Ayrıca Gelecek Partisi, DEVA Partisi gibi altılı masanın nispeten “küçük” partilerinin adeta cirminden fazla yekun oluşturan taleplerle İYİ Parti ve CHP’yi zorladığı görülüyor. Gelecek Partisi Genel Başkan Yardımcısı Selçuk Özdağ’ın açıklamaları bu minvalde hatırlanabilir. Nitekim Özdağ, Meral Akşener’le özdeşleşen “Ben Başbakan olacağım” sözlerine nazire olarak Başbakanlığın kendi hakları olduğunu iddia edebilmişti.

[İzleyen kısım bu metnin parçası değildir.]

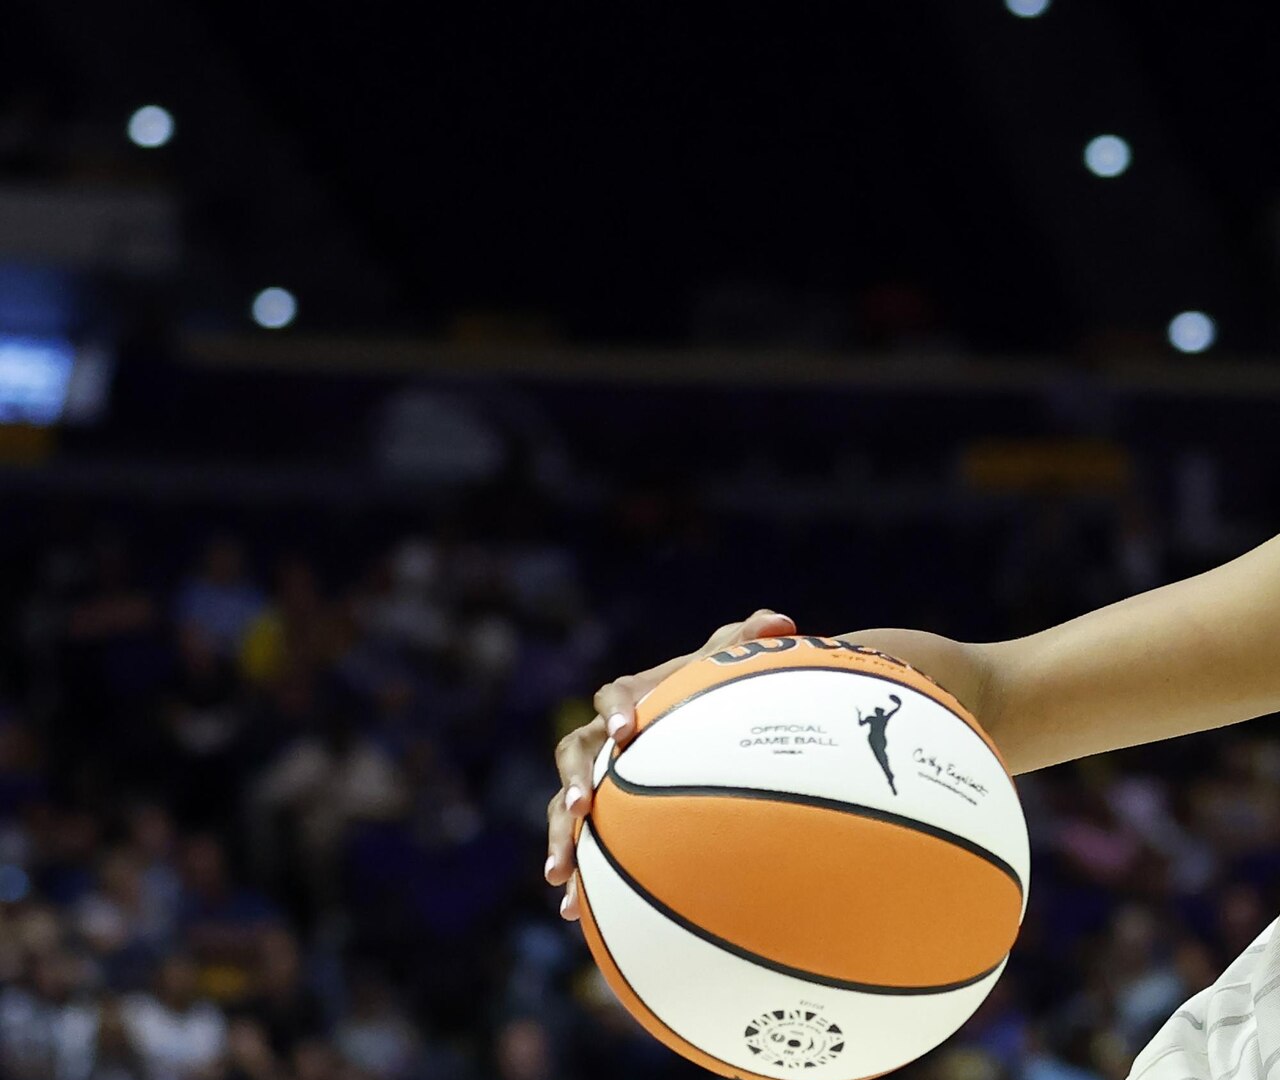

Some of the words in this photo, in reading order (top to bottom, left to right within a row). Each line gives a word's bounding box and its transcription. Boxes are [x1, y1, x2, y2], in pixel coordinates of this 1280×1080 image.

Ali Babacan’ın da seçimleri Millet İttifakı’nın kazanması durumunda ekonomiden sorumlu olmak istediği biliniyor. Bu tür küçük partilerden gelen güçlü taleplerin, İYİ Parti’de bir rahatsızlık oluşturması kaçınılmaz. Zira CHP’nin HDP ve diğer altılı masa ortaklarının taleplerine daha uzlaşmacı bir tavrı varken İYİ Parti’nin hassasiyet ve önceliklerine gereken ihtimamı göstermediği gibi bir izlenim oluşuyor.

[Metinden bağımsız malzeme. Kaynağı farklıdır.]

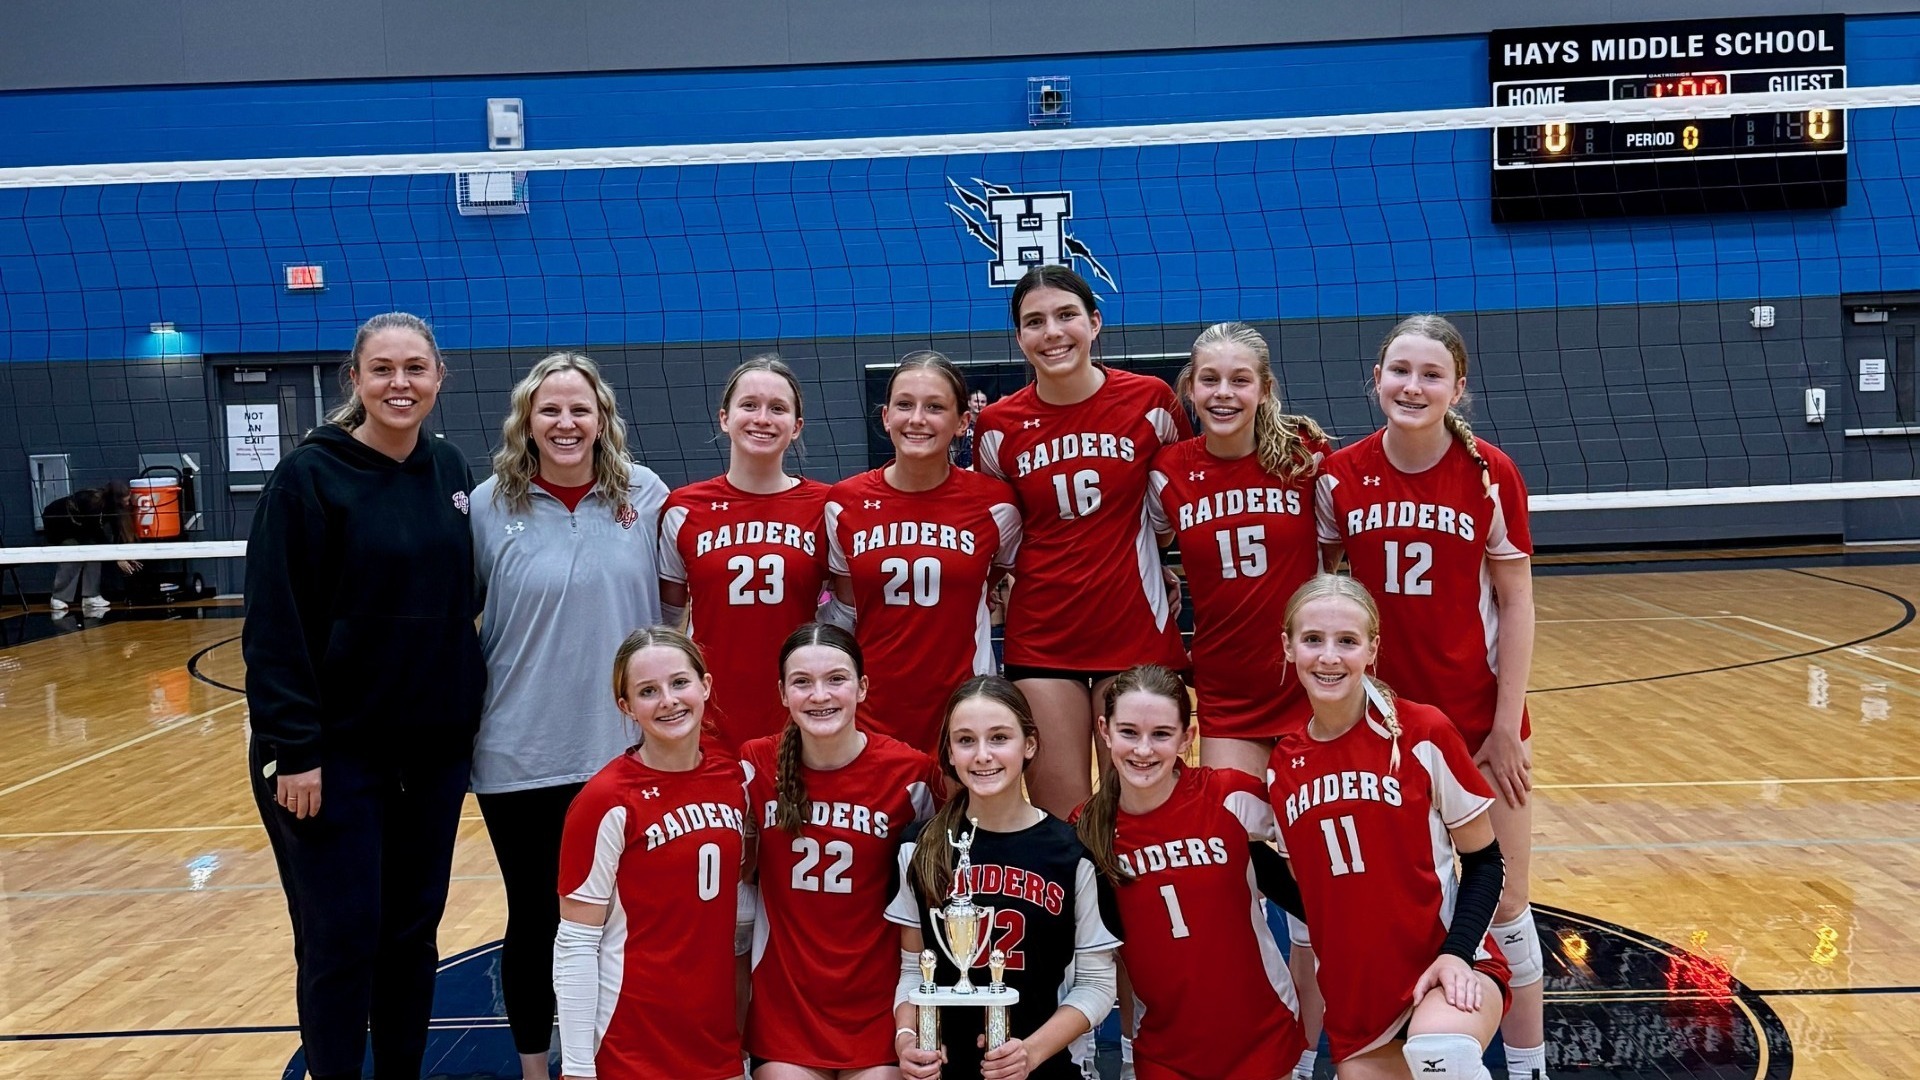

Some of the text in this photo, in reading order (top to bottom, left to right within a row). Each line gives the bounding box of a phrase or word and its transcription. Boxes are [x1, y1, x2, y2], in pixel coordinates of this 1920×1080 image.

Toparlamak gerekirse, İYİ Parti altılı masa içindeki hem en kritik hem de masada kriz çıkmasına sebep olabilecek potansiyeli en yüksek parti hüviyetinde. CHP’nin HDP’yle temasından rahatsız ancak CHP’nin HDP’ye muhtaç olmadığını gösteren bir destek de sunamıyor. Temsil ettiği milliyetçi kimliğe güvenerek Cumhur İttifakı’ndan oy alma potansiyeline sahip parti olarak kendisini konumlandırıyor ve fakat böyle bir konumlanış da onu iddia ettiği merkez sağ kimlikten uzaklaştırarak daha fazla milliyetçi diskurun içine çekiyor. Bu durumda da CHP’nin HDP’yle kuracağı hemen her temas İYİ Parti için kritik hale geliyor. Çünkü hem daha fazla milliyetçiliği öne çıkarması hem de HDP’yle birlikte hareket eden muhalefet blokunun içinde kalması daha da zorlaşıyor. Böyle bir blok içinde devam etmesinin mi yoksa masayı devirmesinin mi İYİ Parti’ye maliyetinin daha fazla olduğu şeklindeki meşru ve kritik bir soru ehemmiyet arz ediyor. Dolayısıyla İYİ Parti’nin önümüzdeki süreçte hem ortak adaylıkla ilgili tartışmalarda hem de HDP’nin nerede ve nasıl konumlandırılacağı tartışmalarında daha zor tercihlerle yüz yüze geleceğini söylemek mümkün görünüyor.